Thursday, August 11, 2005

The Price of Oil

As oil prices start to hit new nominal price records, I thought I would do a quick run through on what I think is driving the price of oil and refined petroleum products:

1. Demand is growing faster than supply, this is the key piece of the story, the fact that under most possible scenarios will continue.
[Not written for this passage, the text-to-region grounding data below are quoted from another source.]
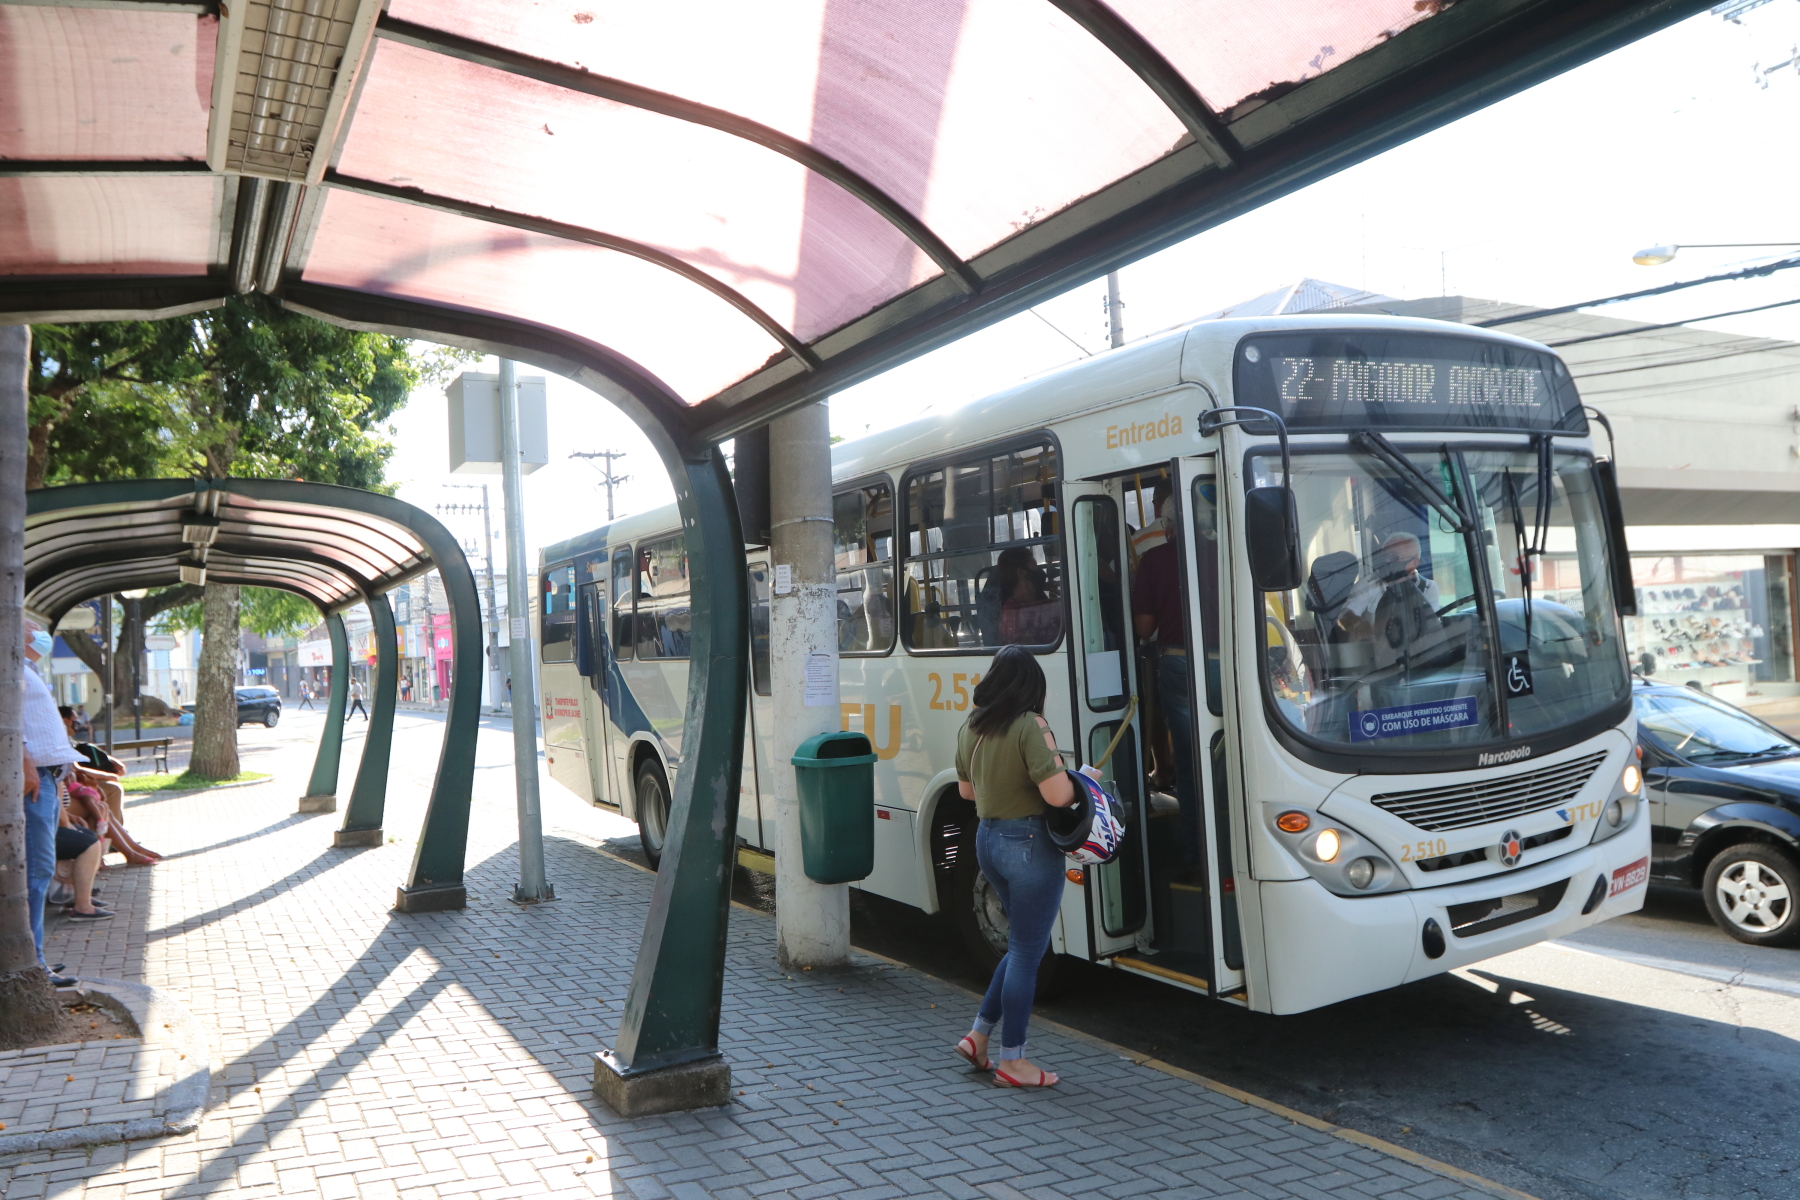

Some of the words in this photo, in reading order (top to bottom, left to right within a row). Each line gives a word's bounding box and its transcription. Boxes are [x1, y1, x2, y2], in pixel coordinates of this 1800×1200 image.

[1449, 365, 1542, 407] ANDRADE
[1106, 412, 1183, 450] Entrada
[1382, 710, 1413, 721] EMBARQUE
[1413, 706, 1443, 717] PERMITIDO
[1443, 702, 1468, 714] SOMENTE
[1382, 721, 1402, 732] COM
[1403, 719, 1420, 730] USO
[1420, 717, 1431, 727] DE
[1432, 712, 1469, 726] MÁSCARA
[1478, 745, 1531, 766] Marcopolo
[1565, 799, 1603, 826] JTU
[1400, 838, 1447, 863] 2.510
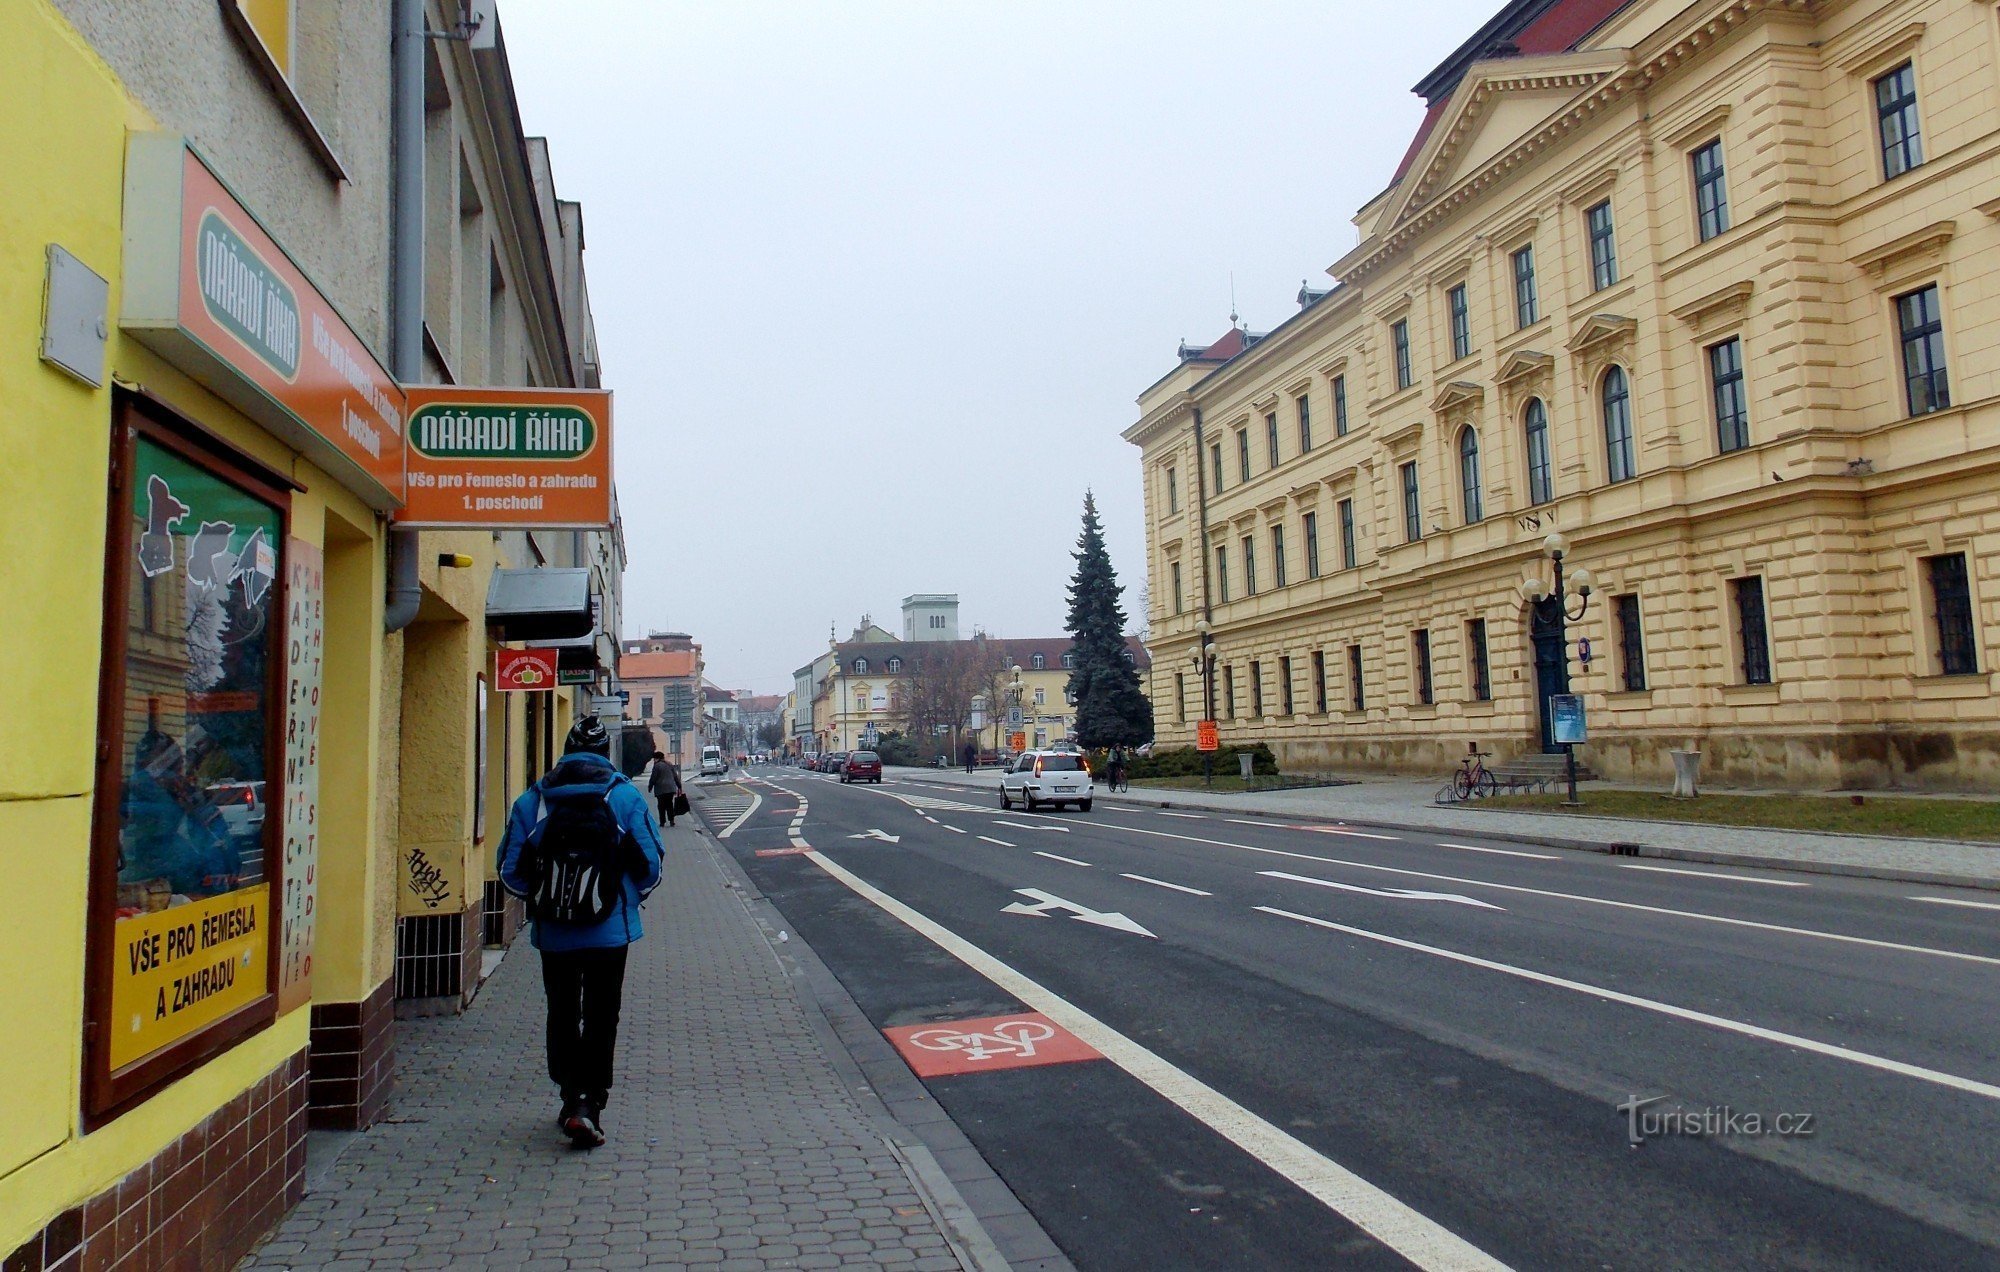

"The answer is that, in the short term at least, the cartel seems to have lost control over the market. With the exception of Saudi Arabia, its producers are pumping as much as they can—and Saudi excess capacity is in heavy crude that is harder to refine into the cleaner fuels demanded by rich countries. OPEC made a great show of raising its members’ combined quotas to 28m barrels per day (bpd) in June. But thanks to rampant cheating, they were already pumping at least that much, and possibly as much as 30m bpd, making OPEC’s promises little more than a carefully staged bit of public relations." -The Economist


2. Refineries are already running at capacity, no new refineries have been built in the US since 1973. Refineries in the US are getting older, and requiring more maintenance every day.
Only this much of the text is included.